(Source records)

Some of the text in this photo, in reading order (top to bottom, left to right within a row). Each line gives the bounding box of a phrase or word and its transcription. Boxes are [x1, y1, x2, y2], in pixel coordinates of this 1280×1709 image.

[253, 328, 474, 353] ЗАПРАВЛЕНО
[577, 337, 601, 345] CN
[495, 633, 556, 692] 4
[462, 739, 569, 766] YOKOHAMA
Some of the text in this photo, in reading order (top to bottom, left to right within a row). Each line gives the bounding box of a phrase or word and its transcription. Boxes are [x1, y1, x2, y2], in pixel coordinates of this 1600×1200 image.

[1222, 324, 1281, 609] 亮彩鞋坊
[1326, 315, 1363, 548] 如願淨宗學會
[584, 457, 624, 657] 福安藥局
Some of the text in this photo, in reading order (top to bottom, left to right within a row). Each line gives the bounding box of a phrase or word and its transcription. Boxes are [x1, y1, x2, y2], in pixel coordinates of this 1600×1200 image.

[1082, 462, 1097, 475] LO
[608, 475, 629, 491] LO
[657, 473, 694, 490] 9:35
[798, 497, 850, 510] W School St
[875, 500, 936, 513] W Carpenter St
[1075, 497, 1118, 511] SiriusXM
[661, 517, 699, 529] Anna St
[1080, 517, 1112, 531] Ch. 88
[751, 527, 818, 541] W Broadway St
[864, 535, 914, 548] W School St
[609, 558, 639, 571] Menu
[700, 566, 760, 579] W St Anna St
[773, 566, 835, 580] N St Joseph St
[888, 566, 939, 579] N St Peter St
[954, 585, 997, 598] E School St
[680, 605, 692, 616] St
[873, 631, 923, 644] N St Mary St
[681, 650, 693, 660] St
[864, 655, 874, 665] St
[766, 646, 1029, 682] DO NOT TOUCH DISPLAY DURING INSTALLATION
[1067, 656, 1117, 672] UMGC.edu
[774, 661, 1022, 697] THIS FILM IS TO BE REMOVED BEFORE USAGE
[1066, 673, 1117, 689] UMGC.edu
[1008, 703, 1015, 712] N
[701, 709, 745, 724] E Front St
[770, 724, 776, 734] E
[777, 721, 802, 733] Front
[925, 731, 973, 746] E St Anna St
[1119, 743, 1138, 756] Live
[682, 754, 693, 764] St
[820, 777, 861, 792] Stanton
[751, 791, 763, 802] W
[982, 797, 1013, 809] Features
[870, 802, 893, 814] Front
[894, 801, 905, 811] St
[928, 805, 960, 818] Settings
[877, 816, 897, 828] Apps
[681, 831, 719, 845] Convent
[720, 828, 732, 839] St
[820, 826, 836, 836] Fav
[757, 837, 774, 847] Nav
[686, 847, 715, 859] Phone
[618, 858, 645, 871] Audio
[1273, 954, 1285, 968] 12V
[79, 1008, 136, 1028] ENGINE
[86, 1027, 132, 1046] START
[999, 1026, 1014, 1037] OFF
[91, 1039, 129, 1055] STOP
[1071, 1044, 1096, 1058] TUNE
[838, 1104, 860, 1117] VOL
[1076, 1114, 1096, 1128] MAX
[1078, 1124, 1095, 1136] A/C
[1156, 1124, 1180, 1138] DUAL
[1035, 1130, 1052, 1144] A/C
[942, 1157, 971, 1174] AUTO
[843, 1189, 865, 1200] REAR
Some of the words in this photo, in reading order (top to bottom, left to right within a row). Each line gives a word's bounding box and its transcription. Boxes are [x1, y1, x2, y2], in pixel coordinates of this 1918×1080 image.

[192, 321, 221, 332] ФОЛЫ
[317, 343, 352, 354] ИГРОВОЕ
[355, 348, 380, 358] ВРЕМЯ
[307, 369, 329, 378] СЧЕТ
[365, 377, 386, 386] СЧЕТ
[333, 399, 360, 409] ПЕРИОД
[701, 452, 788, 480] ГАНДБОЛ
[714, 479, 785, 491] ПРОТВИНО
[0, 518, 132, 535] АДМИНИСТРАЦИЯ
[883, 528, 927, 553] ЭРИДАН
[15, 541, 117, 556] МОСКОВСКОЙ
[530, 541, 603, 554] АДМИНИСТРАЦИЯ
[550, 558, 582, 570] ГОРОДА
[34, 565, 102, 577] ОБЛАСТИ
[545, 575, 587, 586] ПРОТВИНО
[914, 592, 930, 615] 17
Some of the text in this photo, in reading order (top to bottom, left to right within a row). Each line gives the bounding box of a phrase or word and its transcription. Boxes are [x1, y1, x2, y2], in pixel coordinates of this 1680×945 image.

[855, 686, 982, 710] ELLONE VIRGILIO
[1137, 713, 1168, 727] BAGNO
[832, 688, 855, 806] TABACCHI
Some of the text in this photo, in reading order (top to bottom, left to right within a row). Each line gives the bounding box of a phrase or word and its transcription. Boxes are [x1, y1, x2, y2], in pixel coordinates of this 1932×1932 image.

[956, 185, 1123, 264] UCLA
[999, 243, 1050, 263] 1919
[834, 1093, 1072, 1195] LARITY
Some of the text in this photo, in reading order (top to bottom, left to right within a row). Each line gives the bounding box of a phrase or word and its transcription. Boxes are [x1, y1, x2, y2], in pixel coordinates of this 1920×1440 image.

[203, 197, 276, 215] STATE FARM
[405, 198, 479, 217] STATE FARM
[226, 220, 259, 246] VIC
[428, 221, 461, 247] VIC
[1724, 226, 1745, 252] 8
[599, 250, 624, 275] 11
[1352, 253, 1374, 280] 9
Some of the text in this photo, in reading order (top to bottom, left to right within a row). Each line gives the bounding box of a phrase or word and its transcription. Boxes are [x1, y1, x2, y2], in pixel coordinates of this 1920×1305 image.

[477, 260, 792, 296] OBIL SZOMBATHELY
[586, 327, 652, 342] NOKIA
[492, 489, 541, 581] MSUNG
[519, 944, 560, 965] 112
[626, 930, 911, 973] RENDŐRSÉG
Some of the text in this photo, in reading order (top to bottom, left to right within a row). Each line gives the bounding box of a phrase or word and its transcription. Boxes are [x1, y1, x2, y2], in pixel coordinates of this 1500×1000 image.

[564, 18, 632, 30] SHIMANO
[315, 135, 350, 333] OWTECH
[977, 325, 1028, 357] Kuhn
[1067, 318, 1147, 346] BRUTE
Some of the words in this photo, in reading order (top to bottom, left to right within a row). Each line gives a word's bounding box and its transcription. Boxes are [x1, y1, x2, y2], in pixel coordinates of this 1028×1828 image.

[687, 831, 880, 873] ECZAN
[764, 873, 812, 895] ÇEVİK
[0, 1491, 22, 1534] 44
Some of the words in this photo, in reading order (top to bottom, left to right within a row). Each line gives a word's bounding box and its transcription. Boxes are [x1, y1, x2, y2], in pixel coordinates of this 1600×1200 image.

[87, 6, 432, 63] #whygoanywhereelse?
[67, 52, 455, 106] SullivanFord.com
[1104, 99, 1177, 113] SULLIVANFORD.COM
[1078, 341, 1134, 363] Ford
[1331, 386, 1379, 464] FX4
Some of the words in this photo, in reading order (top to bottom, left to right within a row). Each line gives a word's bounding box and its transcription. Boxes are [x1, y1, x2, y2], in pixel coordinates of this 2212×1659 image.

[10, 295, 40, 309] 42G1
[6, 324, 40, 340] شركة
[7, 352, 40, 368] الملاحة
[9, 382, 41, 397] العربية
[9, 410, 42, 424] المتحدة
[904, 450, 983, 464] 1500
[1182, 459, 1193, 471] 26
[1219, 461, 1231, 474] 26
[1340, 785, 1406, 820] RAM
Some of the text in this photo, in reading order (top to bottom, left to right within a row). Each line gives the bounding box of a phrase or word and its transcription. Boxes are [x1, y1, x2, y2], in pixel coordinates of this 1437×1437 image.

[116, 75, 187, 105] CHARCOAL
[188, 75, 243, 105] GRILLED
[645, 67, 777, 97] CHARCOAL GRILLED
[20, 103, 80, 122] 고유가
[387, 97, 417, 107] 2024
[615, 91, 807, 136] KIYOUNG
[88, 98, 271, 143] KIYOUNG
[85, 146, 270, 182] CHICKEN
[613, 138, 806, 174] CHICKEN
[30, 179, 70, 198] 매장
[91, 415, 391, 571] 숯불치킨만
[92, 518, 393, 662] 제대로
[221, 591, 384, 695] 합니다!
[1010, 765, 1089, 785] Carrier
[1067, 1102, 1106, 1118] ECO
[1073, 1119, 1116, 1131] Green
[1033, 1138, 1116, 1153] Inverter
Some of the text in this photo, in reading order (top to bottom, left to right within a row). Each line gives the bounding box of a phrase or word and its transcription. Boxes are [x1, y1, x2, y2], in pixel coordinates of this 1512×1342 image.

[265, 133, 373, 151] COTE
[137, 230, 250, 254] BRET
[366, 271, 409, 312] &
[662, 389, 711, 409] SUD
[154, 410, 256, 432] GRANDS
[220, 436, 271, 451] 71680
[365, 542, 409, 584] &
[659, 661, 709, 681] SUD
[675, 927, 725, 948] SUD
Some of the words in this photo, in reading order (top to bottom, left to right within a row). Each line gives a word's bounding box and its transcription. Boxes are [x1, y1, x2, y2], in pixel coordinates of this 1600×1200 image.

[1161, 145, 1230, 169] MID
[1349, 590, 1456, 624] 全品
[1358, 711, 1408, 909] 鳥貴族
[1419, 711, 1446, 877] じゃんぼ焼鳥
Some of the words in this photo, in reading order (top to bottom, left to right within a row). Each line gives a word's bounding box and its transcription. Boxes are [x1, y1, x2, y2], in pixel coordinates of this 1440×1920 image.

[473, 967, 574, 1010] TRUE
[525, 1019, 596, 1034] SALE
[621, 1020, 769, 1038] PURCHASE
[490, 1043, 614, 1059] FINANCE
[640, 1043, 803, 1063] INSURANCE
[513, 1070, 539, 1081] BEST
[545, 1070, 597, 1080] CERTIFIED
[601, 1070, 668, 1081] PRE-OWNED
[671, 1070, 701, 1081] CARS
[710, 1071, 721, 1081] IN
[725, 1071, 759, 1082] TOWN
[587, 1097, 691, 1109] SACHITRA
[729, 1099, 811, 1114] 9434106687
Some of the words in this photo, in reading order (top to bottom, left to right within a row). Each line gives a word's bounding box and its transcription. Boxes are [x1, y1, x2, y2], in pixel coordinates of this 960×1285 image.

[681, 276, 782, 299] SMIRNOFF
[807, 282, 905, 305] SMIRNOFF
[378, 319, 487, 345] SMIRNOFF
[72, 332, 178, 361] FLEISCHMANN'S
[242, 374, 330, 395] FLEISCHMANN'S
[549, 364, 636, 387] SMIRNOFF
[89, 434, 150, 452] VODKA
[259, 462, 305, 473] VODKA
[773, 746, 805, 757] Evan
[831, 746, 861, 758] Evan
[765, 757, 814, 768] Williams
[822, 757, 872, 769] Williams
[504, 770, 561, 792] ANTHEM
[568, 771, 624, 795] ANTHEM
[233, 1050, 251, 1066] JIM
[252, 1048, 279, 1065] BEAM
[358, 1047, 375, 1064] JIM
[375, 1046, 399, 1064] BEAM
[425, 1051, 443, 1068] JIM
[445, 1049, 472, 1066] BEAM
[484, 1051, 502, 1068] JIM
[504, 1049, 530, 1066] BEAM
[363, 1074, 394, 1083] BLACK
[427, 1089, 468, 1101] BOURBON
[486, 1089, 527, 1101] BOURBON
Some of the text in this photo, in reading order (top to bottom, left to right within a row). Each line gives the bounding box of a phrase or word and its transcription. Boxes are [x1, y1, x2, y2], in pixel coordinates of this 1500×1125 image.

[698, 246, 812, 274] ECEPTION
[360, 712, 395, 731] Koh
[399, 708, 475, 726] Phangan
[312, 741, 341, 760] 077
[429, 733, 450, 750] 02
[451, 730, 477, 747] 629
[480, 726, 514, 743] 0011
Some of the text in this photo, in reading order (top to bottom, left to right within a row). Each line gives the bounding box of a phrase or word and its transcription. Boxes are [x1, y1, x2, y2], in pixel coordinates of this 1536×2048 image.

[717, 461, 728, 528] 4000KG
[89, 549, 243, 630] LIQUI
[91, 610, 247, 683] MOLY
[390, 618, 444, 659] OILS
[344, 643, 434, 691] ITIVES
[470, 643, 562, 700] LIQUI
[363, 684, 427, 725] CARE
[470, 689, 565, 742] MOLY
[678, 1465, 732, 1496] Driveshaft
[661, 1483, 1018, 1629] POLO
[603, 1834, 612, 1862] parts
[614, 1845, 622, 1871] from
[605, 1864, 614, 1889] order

▶ **What to do**:
Beginning with the line that holds "this 960×1285 image.", copy the entries exactly to their last line, and leave out every earlier line.

▶ **Answer to the problem**:
Some of the words in this photo, in reading order (top to bottom, left to right within a row). Each line gives a word's bounding box and its transcription. Boxes are [x1, y1, x2, y2], in pixel coordinates of this 960×1285 image.

[681, 276, 782, 299] SMIRNOFF
[807, 282, 905, 305] SMIRNOFF
[378, 319, 487, 345] SMIRNOFF
[72, 332, 178, 361] FLEISCHMANN'S
[242, 374, 330, 395] FLEISCHMANN'S
[549, 364, 636, 387] SMIRNOFF
[89, 434, 150, 452] VODKA
[259, 462, 305, 473] VODKA
[773, 746, 805, 757] Evan
[831, 746, 861, 758] Evan
[765, 757, 814, 768] Williams
[822, 757, 872, 769] Williams
[504, 770, 561, 792] ANTHEM
[568, 771, 624, 795] ANTHEM
[233, 1050, 251, 1066] JIM
[252, 1048, 279, 1065] BEAM
[358, 1047, 375, 1064] JIM
[375, 1046, 399, 1064] BEAM
[425, 1051, 443, 1068] JIM
[445, 1049, 472, 1066] BEAM
[484, 1051, 502, 1068] JIM
[504, 1049, 530, 1066] BEAM
[363, 1074, 394, 1083] BLACK
[427, 1089, 468, 1101] BOURBON
[486, 1089, 527, 1101] BOURBON
Some of the text in this photo, in reading order (top to bottom, left to right within a row). Each line gives the bounding box of a phrase or word and its transcription. Boxes are [x1, y1, x2, y2], in pixel coordinates of this 1500×1125 image.

[698, 246, 812, 274] ECEPTION
[360, 712, 395, 731] Koh
[399, 708, 475, 726] Phangan
[312, 741, 341, 760] 077
[429, 733, 450, 750] 02
[451, 730, 477, 747] 629
[480, 726, 514, 743] 0011
Some of the text in this photo, in reading order (top to bottom, left to right within a row). Each line gives the bounding box of a phrase or word and its transcription. Boxes are [x1, y1, x2, y2], in pixel coordinates of this 1536×2048 image.

[717, 461, 728, 528] 4000KG
[89, 549, 243, 630] LIQUI
[91, 610, 247, 683] MOLY
[390, 618, 444, 659] OILS
[344, 643, 434, 691] ITIVES
[470, 643, 562, 700] LIQUI
[363, 684, 427, 725] CARE
[470, 689, 565, 742] MOLY
[678, 1465, 732, 1496] Driveshaft
[661, 1483, 1018, 1629] POLO
[603, 1834, 612, 1862] parts
[614, 1845, 622, 1871] from
[605, 1864, 614, 1889] order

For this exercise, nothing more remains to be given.